It was a beautiful July day. Life had its twists and turns, but right now, it was smooth sailing. David Stoltzfus had never felt more content, more optimistic about the future. He felt light as air.
He gave the horse’s reins a shake to back up the buggy, eager to return home.
Home. What a beautiful word.
Home to Birdy. His wife.
His wife. It still amazed him, to wake up each day beside this woman, whom he dearly loved and grew more attached to each day. It was a different kind of love he had for Birdy than for Anna, his first wife and the mother of his children. Different, but in a way, it was more precious. He knew how fleeting life could be, how quickly things could change.
Yes, David thought, he had much to be thankful for: his calling to be bishop, his health, his friends, his family, and now his wife.
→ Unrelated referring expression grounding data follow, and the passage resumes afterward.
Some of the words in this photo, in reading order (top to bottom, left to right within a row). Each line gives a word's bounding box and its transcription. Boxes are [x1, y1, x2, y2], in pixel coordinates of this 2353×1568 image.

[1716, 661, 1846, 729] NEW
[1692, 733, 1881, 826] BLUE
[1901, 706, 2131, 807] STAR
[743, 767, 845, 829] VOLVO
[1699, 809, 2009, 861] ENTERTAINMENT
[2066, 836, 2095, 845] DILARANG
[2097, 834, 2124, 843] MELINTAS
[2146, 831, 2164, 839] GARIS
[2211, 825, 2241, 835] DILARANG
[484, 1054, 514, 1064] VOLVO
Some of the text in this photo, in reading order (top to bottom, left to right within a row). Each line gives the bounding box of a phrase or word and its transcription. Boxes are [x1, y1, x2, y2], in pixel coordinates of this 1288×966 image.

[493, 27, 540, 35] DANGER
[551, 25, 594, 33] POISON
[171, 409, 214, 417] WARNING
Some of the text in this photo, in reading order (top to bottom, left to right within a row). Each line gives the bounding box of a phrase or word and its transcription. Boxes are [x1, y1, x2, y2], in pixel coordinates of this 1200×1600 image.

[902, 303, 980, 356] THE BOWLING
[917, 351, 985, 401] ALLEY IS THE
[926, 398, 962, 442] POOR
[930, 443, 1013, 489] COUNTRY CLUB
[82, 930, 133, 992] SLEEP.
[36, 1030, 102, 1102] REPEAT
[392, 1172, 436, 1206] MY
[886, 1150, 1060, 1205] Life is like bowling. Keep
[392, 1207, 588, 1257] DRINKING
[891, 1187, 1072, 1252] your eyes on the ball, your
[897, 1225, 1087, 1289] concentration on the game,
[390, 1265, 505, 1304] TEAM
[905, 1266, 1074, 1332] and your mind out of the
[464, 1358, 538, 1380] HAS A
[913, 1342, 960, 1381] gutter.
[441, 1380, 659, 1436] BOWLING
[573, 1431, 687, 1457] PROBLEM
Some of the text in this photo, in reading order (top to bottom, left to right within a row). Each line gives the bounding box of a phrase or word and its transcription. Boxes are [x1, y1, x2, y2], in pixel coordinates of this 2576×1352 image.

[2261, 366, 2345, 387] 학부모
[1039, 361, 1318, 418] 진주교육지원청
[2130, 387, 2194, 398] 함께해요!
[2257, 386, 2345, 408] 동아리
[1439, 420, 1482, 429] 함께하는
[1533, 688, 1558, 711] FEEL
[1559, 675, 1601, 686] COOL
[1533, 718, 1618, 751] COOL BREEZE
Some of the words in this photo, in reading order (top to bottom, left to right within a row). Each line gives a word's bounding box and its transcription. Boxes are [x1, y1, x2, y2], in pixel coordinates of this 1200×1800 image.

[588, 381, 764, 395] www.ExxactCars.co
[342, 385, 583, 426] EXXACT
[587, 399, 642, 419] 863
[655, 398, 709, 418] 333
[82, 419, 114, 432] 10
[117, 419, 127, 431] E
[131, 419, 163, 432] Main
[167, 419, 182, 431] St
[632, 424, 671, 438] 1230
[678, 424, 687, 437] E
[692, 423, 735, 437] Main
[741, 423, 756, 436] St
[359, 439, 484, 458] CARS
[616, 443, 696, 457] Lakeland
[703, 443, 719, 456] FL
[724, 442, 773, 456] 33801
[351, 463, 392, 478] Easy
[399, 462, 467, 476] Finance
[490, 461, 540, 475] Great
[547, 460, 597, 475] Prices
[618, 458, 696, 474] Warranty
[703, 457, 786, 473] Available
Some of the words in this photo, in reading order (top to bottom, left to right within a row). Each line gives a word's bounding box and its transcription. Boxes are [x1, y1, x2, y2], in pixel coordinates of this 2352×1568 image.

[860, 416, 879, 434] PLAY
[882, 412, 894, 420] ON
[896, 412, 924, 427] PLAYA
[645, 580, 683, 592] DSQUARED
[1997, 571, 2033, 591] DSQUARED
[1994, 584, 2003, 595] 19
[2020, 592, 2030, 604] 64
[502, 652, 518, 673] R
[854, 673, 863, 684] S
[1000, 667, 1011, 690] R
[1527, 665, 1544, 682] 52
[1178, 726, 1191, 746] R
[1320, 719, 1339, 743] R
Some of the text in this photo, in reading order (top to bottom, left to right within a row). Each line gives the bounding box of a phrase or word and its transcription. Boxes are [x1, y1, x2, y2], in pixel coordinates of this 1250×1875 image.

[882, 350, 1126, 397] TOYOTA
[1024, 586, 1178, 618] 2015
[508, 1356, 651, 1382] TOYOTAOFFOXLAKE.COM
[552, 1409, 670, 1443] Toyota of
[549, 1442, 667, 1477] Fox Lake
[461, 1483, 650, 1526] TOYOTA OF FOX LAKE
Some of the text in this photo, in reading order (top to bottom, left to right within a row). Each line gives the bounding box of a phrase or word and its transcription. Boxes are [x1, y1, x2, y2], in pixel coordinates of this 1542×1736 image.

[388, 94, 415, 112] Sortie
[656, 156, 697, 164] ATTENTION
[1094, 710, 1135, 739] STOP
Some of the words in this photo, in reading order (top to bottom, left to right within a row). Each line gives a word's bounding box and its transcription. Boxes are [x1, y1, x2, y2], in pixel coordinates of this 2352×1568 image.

Life had certainly thrown him some curves, and doubtless there would be further tests, trials, and tribulations. But just for now, on this beautiful summer day, it was to be enjoyed in all its fullness and with all its wonders.
He thought back to this morning, to holding his beautiful little newborn grandson in the crook of his arms. The baby was mewling away when Katrina passed the bundle to David and his crying stopped immediately. He opened his dark blue eyes and peered at him, as if he knew he already had a place deep in his heart.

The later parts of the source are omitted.